** Your objective **
Repeat all the data that appears below, keeping it exact.

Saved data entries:
=== Section Start ===
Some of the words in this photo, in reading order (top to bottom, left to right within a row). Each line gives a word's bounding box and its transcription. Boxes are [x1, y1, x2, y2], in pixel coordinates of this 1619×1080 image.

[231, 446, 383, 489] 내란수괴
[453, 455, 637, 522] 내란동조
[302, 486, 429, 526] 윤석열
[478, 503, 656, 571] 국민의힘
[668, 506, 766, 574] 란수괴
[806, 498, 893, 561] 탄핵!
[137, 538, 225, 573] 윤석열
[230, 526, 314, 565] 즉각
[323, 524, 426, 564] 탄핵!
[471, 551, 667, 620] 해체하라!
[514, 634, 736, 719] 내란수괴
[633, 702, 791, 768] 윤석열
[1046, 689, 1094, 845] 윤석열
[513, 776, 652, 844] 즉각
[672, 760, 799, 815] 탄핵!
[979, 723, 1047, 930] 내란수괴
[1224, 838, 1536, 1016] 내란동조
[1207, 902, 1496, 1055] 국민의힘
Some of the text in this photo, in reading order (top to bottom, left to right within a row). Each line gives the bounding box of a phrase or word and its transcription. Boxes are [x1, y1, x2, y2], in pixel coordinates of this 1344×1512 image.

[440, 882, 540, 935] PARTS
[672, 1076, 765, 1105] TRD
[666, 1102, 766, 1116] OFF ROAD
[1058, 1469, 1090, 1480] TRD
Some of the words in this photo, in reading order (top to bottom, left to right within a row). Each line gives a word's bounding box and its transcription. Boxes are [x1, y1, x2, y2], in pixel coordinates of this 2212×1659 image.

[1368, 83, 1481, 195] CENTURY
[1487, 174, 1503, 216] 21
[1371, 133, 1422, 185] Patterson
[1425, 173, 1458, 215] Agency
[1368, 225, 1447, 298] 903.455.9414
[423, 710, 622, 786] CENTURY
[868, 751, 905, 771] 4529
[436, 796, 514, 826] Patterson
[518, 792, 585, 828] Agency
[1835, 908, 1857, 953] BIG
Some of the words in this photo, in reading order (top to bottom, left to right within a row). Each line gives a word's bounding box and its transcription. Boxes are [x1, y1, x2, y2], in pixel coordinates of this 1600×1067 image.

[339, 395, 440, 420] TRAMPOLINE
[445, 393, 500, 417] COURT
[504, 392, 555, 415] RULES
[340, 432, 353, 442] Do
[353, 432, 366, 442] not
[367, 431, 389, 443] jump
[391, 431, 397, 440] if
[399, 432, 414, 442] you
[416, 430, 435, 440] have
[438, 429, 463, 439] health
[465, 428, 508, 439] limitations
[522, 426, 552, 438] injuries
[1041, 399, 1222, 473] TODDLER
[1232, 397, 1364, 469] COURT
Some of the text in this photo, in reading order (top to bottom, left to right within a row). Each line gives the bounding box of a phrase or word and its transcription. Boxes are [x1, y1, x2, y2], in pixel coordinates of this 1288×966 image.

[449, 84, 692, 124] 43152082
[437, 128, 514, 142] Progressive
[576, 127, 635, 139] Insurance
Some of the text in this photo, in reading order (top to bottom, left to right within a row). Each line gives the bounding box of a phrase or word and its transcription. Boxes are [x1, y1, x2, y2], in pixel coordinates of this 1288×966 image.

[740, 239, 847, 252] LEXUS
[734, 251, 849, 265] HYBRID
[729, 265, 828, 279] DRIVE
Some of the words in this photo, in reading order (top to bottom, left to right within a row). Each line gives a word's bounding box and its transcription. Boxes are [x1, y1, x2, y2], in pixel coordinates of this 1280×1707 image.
=== Section End ===
** Response for this exercise **
Some of the words in this photo, in reading order (top to bottom, left to right within a row). Each line gives a word's bounding box and its transcription. Boxes are [x1, y1, x2, y2], in pixel coordinates of this 1619×1080 image.

[231, 446, 383, 489] 내란수괴
[453, 455, 637, 522] 내란동조
[302, 486, 429, 526] 윤석열
[478, 503, 656, 571] 국민의힘
[668, 506, 766, 574] 란수괴
[806, 498, 893, 561] 탄핵!
[137, 538, 225, 573] 윤석열
[230, 526, 314, 565] 즉각
[323, 524, 426, 564] 탄핵!
[471, 551, 667, 620] 해체하라!
[514, 634, 736, 719] 내란수괴
[633, 702, 791, 768] 윤석열
[1046, 689, 1094, 845] 윤석열
[513, 776, 652, 844] 즉각
[672, 760, 799, 815] 탄핵!
[979, 723, 1047, 930] 내란수괴
[1224, 838, 1536, 1016] 내란동조
[1207, 902, 1496, 1055] 국민의힘
Some of the text in this photo, in reading order (top to bottom, left to right within a row). Each line gives the bounding box of a phrase or word and its transcription. Boxes are [x1, y1, x2, y2], in pixel coordinates of this 1344×1512 image.

[440, 882, 540, 935] PARTS
[672, 1076, 765, 1105] TRD
[666, 1102, 766, 1116] OFF ROAD
[1058, 1469, 1090, 1480] TRD
Some of the words in this photo, in reading order (top to bottom, left to right within a row). Each line gives a word's bounding box and its transcription. Boxes are [x1, y1, x2, y2], in pixel coordinates of this 2212×1659 image.

[1368, 83, 1481, 195] CENTURY
[1487, 174, 1503, 216] 21
[1371, 133, 1422, 185] Patterson
[1425, 173, 1458, 215] Agency
[1368, 225, 1447, 298] 903.455.9414
[423, 710, 622, 786] CENTURY
[868, 751, 905, 771] 4529
[436, 796, 514, 826] Patterson
[518, 792, 585, 828] Agency
[1835, 908, 1857, 953] BIG
Some of the words in this photo, in reading order (top to bottom, left to right within a row). Each line gives a word's bounding box and its transcription. Boxes are [x1, y1, x2, y2], in pixel coordinates of this 1600×1067 image.

[339, 395, 440, 420] TRAMPOLINE
[445, 393, 500, 417] COURT
[504, 392, 555, 415] RULES
[340, 432, 353, 442] Do
[353, 432, 366, 442] not
[367, 431, 389, 443] jump
[391, 431, 397, 440] if
[399, 432, 414, 442] you
[416, 430, 435, 440] have
[438, 429, 463, 439] health
[465, 428, 508, 439] limitations
[522, 426, 552, 438] injuries
[1041, 399, 1222, 473] TODDLER
[1232, 397, 1364, 469] COURT
Some of the text in this photo, in reading order (top to bottom, left to right within a row). Each line gives the bounding box of a phrase or word and its transcription. Boxes are [x1, y1, x2, y2], in pixel coordinates of this 1288×966 image.

[449, 84, 692, 124] 43152082
[437, 128, 514, 142] Progressive
[576, 127, 635, 139] Insurance
Some of the text in this photo, in reading order (top to bottom, left to right within a row). Each line gives the bounding box of a phrase or word and its transcription. Boxes are [x1, y1, x2, y2], in pixel coordinates of this 1288×966 image.

[740, 239, 847, 252] LEXUS
[734, 251, 849, 265] HYBRID
[729, 265, 828, 279] DRIVE
Some of the words in this photo, in reading order (top to bottom, left to right within a row). Each line gives a word's bounding box and its transcription. Boxes are [x1, y1, x2, y2], in pixel coordinates of this 1280×1707 image.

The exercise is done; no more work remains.